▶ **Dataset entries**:
-=-=-

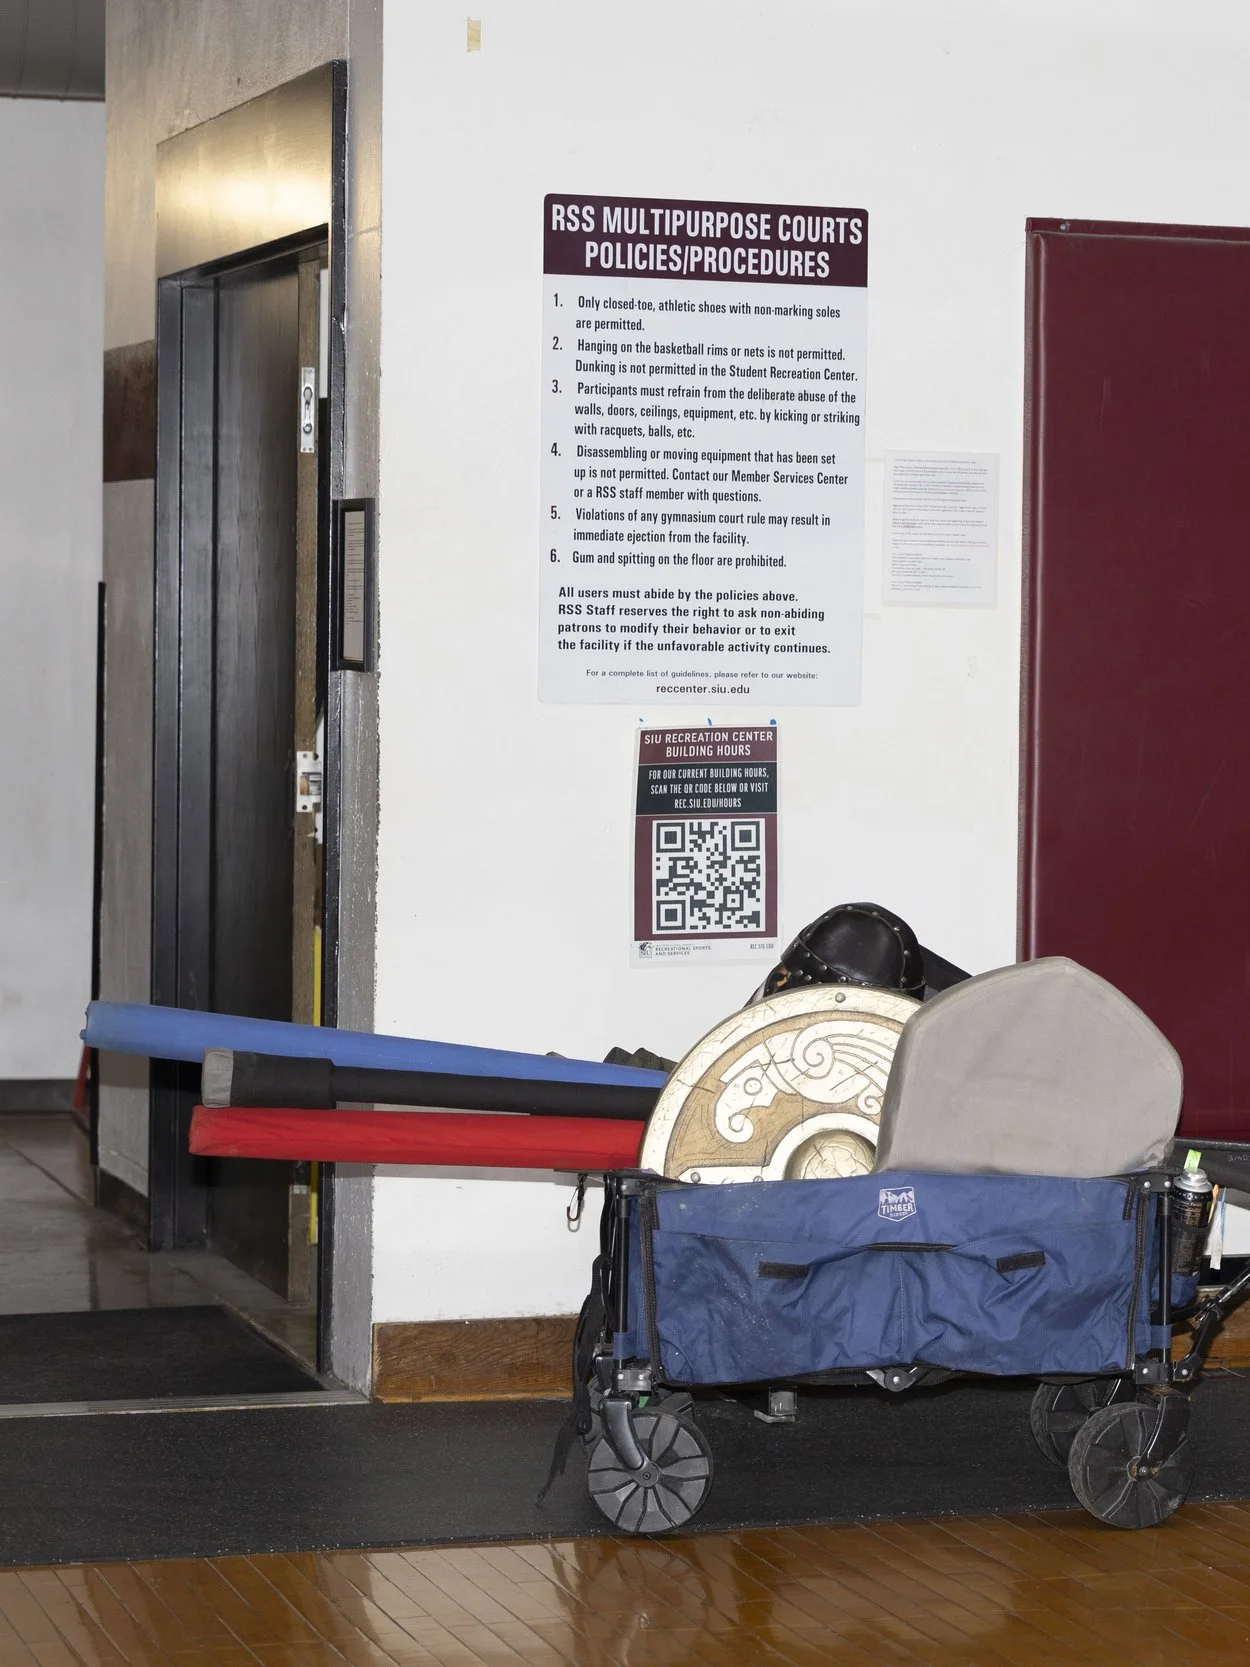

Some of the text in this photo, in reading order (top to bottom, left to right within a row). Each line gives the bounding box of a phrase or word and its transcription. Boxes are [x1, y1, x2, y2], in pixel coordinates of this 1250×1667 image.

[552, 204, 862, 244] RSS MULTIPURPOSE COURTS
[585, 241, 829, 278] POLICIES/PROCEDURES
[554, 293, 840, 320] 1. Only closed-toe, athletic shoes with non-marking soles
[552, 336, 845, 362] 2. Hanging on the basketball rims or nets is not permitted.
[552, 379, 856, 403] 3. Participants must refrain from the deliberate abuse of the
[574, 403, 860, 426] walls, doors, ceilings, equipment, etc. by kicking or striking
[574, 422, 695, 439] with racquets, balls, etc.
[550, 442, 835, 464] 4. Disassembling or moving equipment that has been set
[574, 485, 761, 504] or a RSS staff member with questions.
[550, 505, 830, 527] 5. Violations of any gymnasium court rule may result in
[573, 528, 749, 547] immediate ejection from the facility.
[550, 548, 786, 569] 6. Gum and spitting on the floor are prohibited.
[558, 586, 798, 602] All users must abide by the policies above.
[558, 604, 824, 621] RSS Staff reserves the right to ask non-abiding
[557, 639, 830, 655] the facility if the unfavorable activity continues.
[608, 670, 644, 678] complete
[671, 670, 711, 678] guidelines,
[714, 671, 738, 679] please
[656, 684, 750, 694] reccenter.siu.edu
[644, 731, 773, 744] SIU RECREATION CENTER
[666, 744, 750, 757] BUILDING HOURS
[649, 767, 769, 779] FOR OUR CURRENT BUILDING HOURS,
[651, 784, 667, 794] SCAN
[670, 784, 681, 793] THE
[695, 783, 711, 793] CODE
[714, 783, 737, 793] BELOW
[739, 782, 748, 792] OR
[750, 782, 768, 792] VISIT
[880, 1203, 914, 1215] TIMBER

-=-=-

▶ **Exercise aim**: Each record above needs to be retyped exactly, without any pictures.

▶ **Task result**:
Some of the text in this photo, in reading order (top to bottom, left to right within a row). Each line gives the bounding box of a phrase or word and its transcription. Boxes are [x1, y1, x2, y2], in pixel coordinates of this 1250×1667 image.

[552, 204, 862, 244] RSS MULTIPURPOSE COURTS
[585, 241, 829, 278] POLICIES/PROCEDURES
[554, 293, 840, 320] 1. Only closed-toe, athletic shoes with non-marking soles
[552, 336, 845, 362] 2. Hanging on the basketball rims or nets is not permitted.
[552, 379, 856, 403] 3. Participants must refrain from the deliberate abuse of the
[574, 403, 860, 426] walls, doors, ceilings, equipment, etc. by kicking or striking
[574, 422, 695, 439] with racquets, balls, etc.
[550, 442, 835, 464] 4. Disassembling or moving equipment that has been set
[574, 485, 761, 504] or a RSS staff member with questions.
[550, 505, 830, 527] 5. Violations of any gymnasium court rule may result in
[573, 528, 749, 547] immediate ejection from the facility.
[550, 548, 786, 569] 6. Gum and spitting on the floor are prohibited.
[558, 586, 798, 602] All users must abide by the policies above.
[558, 604, 824, 621] RSS Staff reserves the right to ask non-abiding
[557, 639, 830, 655] the facility if the unfavorable activity continues.
[608, 670, 644, 678] complete
[671, 670, 711, 678] guidelines,
[714, 671, 738, 679] please
[656, 684, 750, 694] reccenter.siu.edu
[644, 731, 773, 744] SIU RECREATION CENTER
[666, 744, 750, 757] BUILDING HOURS
[649, 767, 769, 779] FOR OUR CURRENT BUILDING HOURS,
[651, 784, 667, 794] SCAN
[670, 784, 681, 793] THE
[695, 783, 711, 793] CODE
[714, 783, 737, 793] BELOW
[739, 782, 748, 792] OR
[750, 782, 768, 792] VISIT
[880, 1203, 914, 1215] TIMBER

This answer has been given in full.